Dr. Rudolph Moise, whose relationship with Daleus dates back 50 years, was a huge supporter and is one of the biggest collectors of his works.
“Every time he needed money, he would turn to me and I bought the paintings just to support him,” Moise said. “He’s a very good artist. … He had great vision.”
Born in Port-au-Prince, Daleus had no formal art training and began painting at age 10. He earned a reputation not only for his vibrant depictions of Haitian life, but for the versatility he showed and ability to make images look like they were dancing off the canvas through his layering technique. Describing his versatile style, which included surrealism, primitivism and realism, in a 1991 Herald interview, he said: “Each time I see something new, something that comes from another culture, it inspires me to do new things.”
Daleus immigrated to Miami from Haiti in 1988. Two years later, he opened Art Gallery Daleus at 715 NE 79th St. in Little Haiti. The space wasn’t just a place for art, but a meeting place for a new generation of young Haitian artists looking to break the mold of primitive Haitian art and set themselves apart from the masters.
After a reporter during a 1990 Herald interview noted that his work ranged from Vodou ceremonies to a portrait of a native American Indian, Daleus said: “The reason each of my works seems to be different is because when I started to paint in Haiti, the owner of the gallery in Haiti wouldn’t allow the artists to express themselves. I never wanted that.
“I’ve got my own gallery,” he said. “Now I can do whatever I want.”

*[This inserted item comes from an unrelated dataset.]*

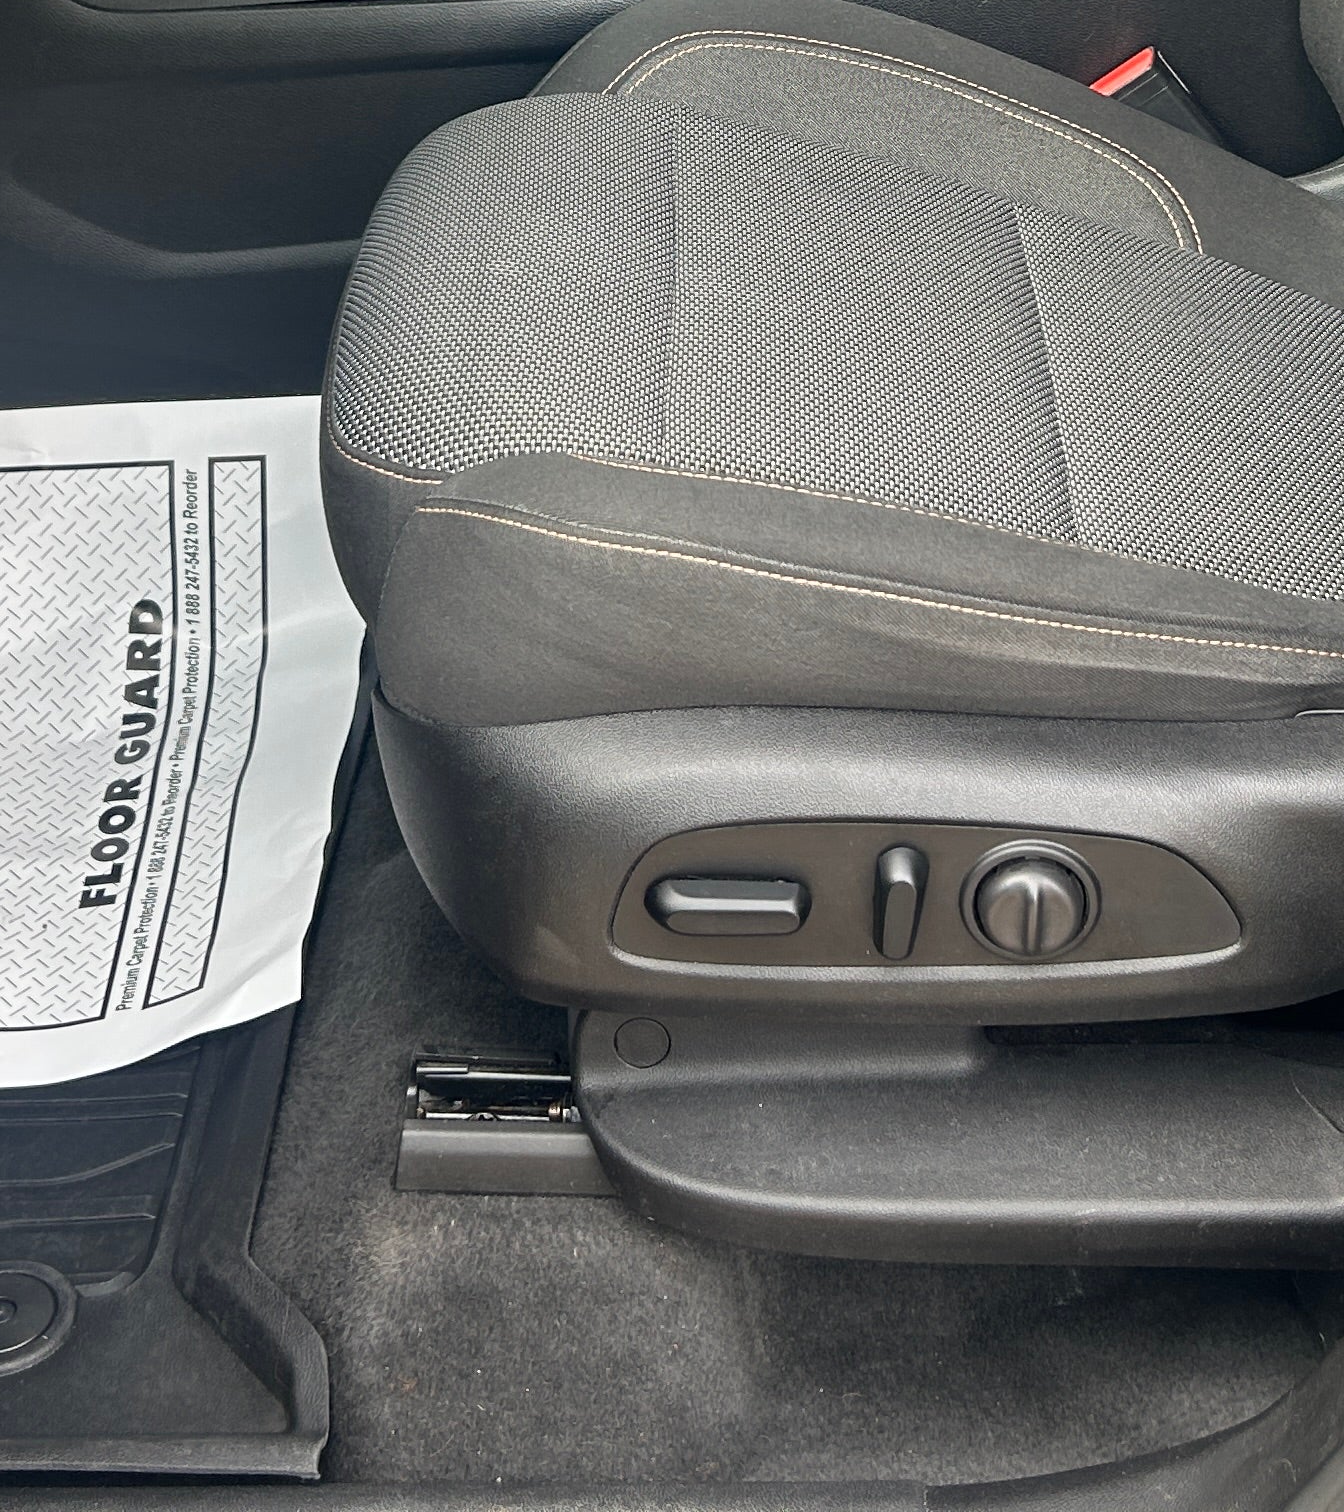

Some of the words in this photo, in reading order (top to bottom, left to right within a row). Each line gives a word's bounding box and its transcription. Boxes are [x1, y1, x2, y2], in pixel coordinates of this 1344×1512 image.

Babacar M’Bow, an expert on Haitian art and the former director of North Miami’s Museum of Contemporary Art, said that Daleus became a master in his own right, and that his paintings — despite not getting the price he commanded — are valuable. Unlike other Haitian artists who tapped into modernism and contemporary art, Daleus displayed the tradition of indigenous Haitian art to give rise to what Cuban writer Carpentier called the “marvelous realism.”
“Daleus has always kept that tradition and was never influenced by trends,” M’Bow said. “He never attempted to change his paintings to fit the moment. He always made the moment fit the painting, contextualizing through his paintings a tradition with style.”

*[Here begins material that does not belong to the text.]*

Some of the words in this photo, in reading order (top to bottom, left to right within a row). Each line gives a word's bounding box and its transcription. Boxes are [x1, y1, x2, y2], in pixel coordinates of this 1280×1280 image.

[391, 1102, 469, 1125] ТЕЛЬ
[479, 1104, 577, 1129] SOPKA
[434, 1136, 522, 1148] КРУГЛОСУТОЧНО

Jouissance says funeral arrangements for Daleus are pending. She’s trying to track down his son, while Bastien, the community activist, is working on trying to get the U.S. visas for his daughters. Meanwhile, the Little Haiti Cultural Complex, 212 NE 59th Terr., will pay homage to him and Charlemagne during its free monthly Sounds of Little Haiti musical showcase from 6 p.m. to 10 p.m. Friday.
On Thursday, Charlemagne’s family will hold a public viewing for the singer, from 5:30 p.m. to 7 p.m. at Notre Dame d’Haiti Catholic Church, 110 NE 62nd St., followed by a 7:30 p.m. memorial Mass.

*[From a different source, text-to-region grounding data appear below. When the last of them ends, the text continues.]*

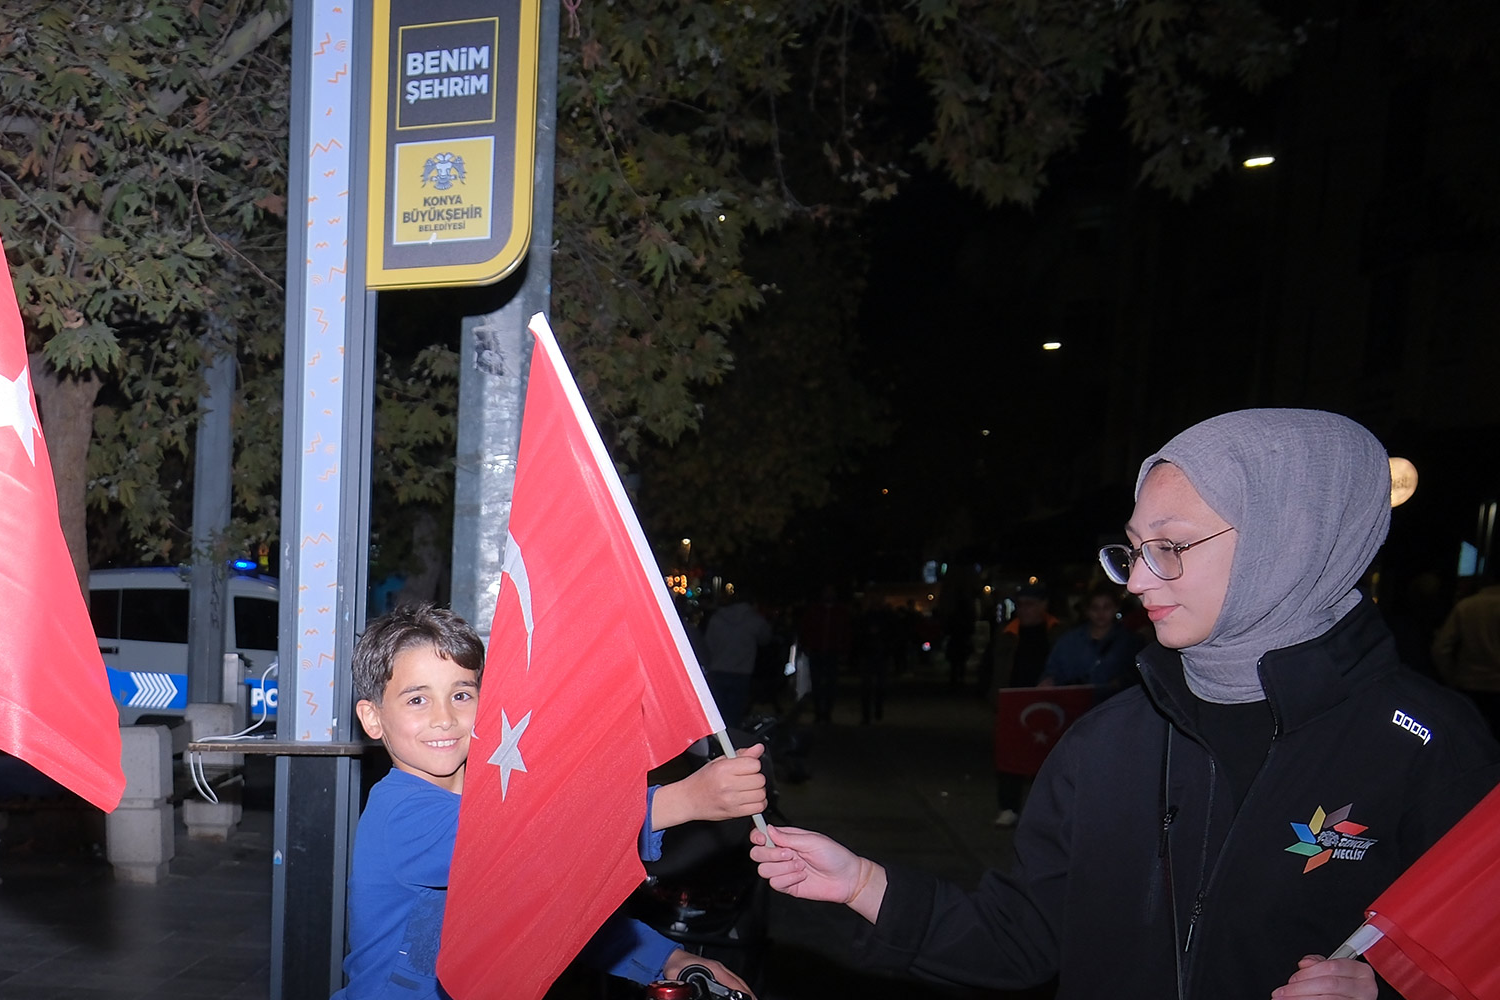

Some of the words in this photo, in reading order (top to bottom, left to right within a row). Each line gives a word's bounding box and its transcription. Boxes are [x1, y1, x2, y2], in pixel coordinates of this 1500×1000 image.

[406, 45, 489, 76] BENİM
[405, 74, 489, 104] ŞEHRİM
[423, 195, 463, 207] KONYA
[403, 204, 482, 223] BÜYÜKŞEHİR
[418, 221, 466, 232] BELEDİYESİ

“Two cultural icons have died,” Bastien said. “It’s such a big loss … when we have iconic figures who were forced to fight in a foreign land when they should have been in Haiti educating the young and transferring their knowledge.”
IF YOU GO:
Memorial Service: A memorial service for Haitian political folk singer and activist Joseph Emmanuel “Manno” Charlemagne will be held Thursday at Notre Dame d’Haiti Catholic Church, 110 NE 62nd St. There will be a public viewing from 5:30 p.m. to 7 p.m., followed by a memorial Mass at 7:30 p.m.
Homage: The Sounds of Little Haiti will pay tribute to Charlemagne and painter Wilfrid Daleus from 6 p.m. to 10 p.m. Friday at the Little Haiti Cultural Complex, 212 NE 59th Terr. The free event will feature performances by Haitian musician Beethova Obas, who recorded the song “Nwel Anme” (Bitter Christmas) with Charlemagne; the TapTap band, which Charlemagne often played with at the South Beach restaurant; AROZE Twoubadou and Revelation Mizik.